The contributions already made make it perfectly clear how fragile and in many respects how insubstantial is the basis of devolution as we know it. The sovereign Parliament of Westminster has created a sub-Parliament in respect of Scotland and Wales. The sovereign authority that created that Parliament can undo that Parliament any day that it wishes to do so. If it did so I have no doubt that the noble Lord, Lord Wigley, would agree with me that it would be the best recruiting sergeant that Plaid Cymru ever had. Be that as it may, the power is there to do exactly that. It is, of course, utterly understandable that nobody expects that power to be used. In fact, in Clause 1 of both the Scotland Act and the Wales Act of last year there is written in what is intended to guarantee the permanence of the Scottish Parliament and the Welsh Assembly.

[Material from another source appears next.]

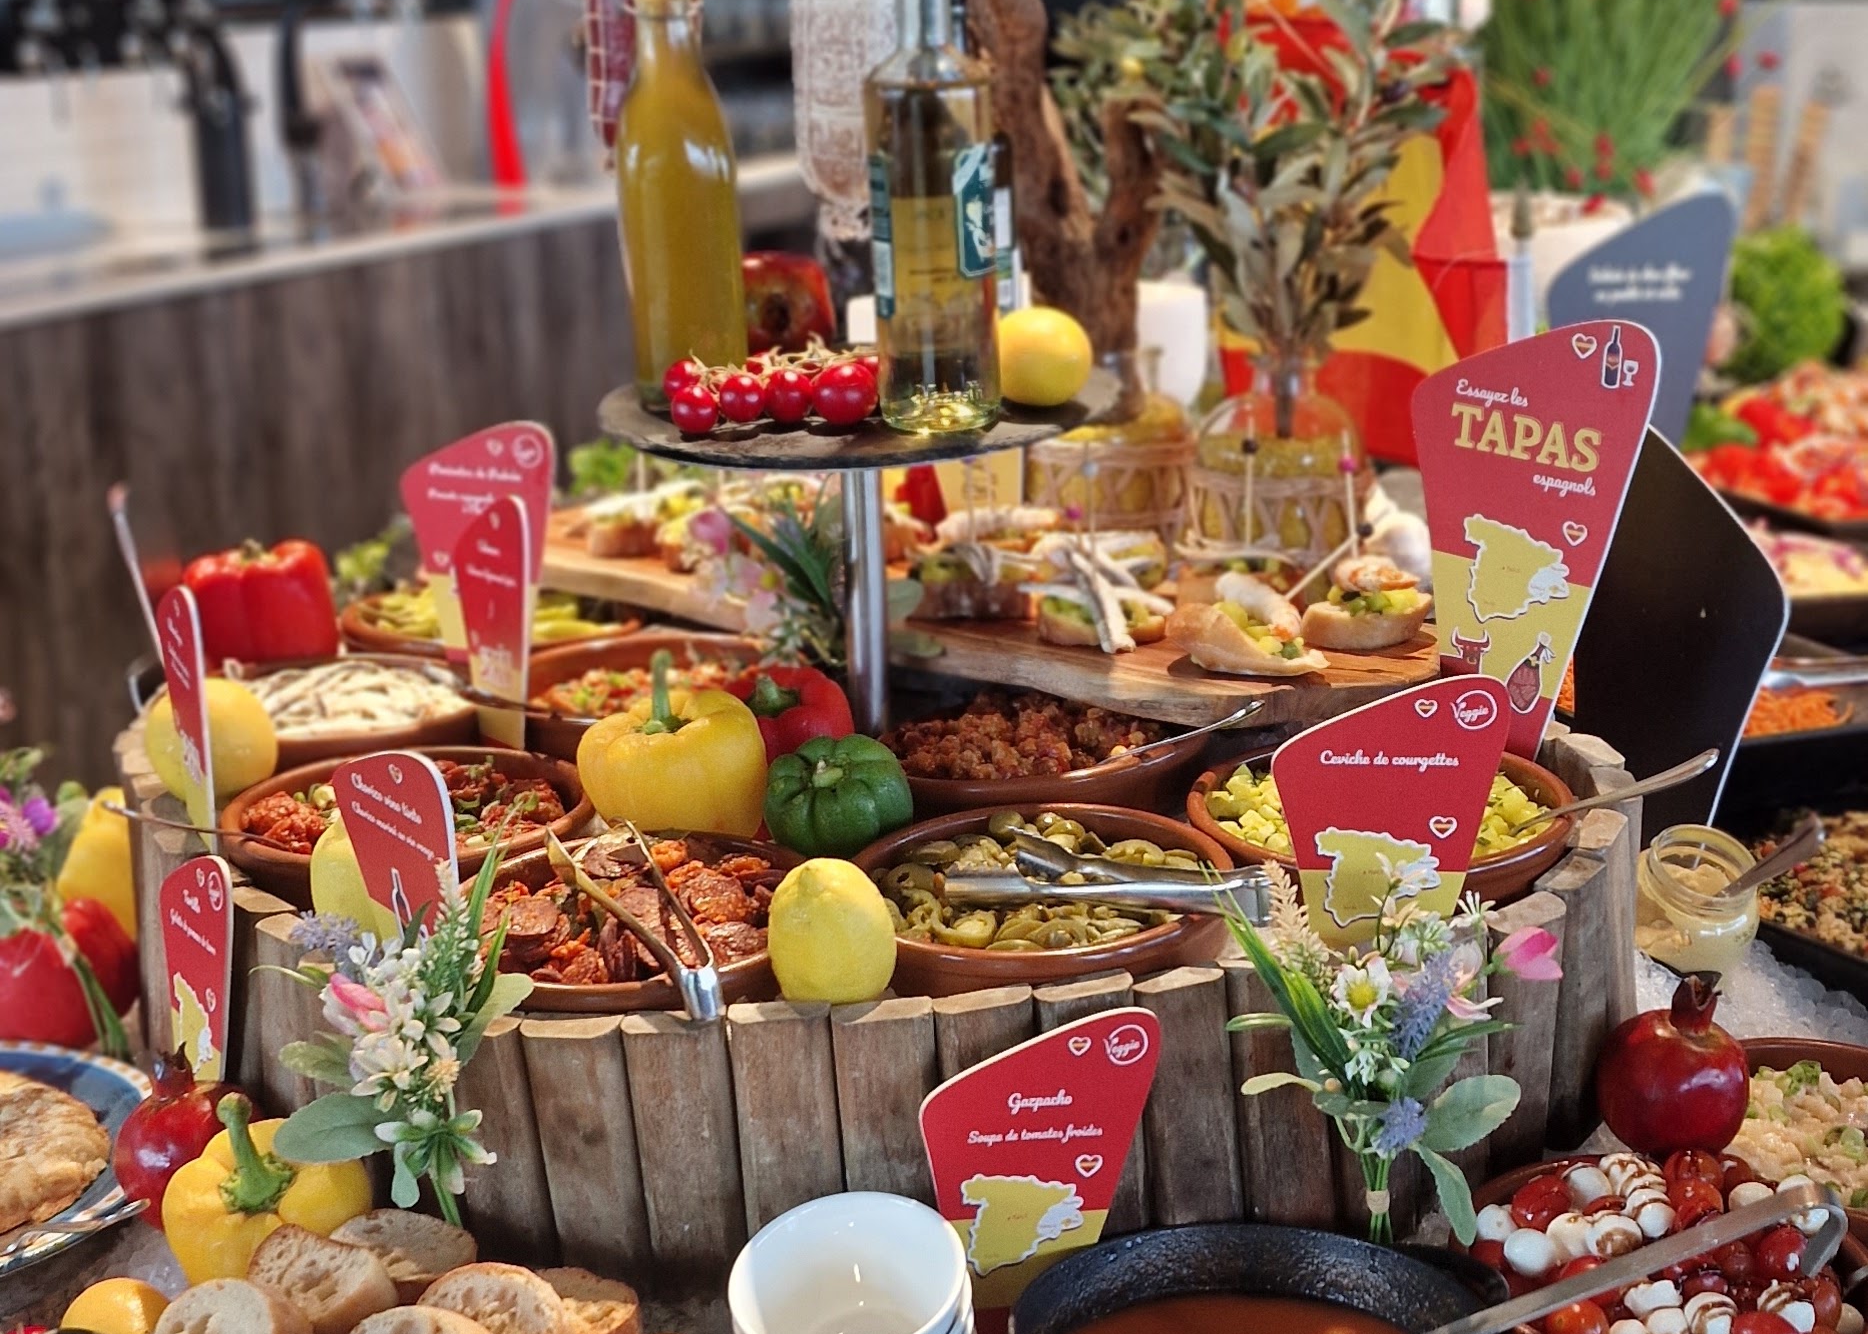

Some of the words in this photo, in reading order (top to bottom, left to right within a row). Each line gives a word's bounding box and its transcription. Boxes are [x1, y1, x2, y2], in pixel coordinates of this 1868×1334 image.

In terms of law, it has no restriction whatever; it is purely cosmetic but well
intentioned. I do not think that, in so far as any legal interpretation is concerned, there is a different view held, but I will be corrected on that point.
Nevertheless, those two Parliaments exist at the mercy, as it were, of this sovereign Parliament. I do not know whether one can change the situation, because the concept of sovereignty means that it can be withdrawn at any time. Unless, of course, one has some self-abnegative discipline—for example, to say that there is a convention. In the Miller case that came before the Supreme Court some time ago, the argument was raised that there was a basic authority that related to each of the Parliaments. No, said the Supreme Court, it is a convention. However, nobody had defined a convention. If Parliament went out of its way to define a convention and said, “In this context a convention means a, b, c and d”, that might get us somewhere. It is a suggestion.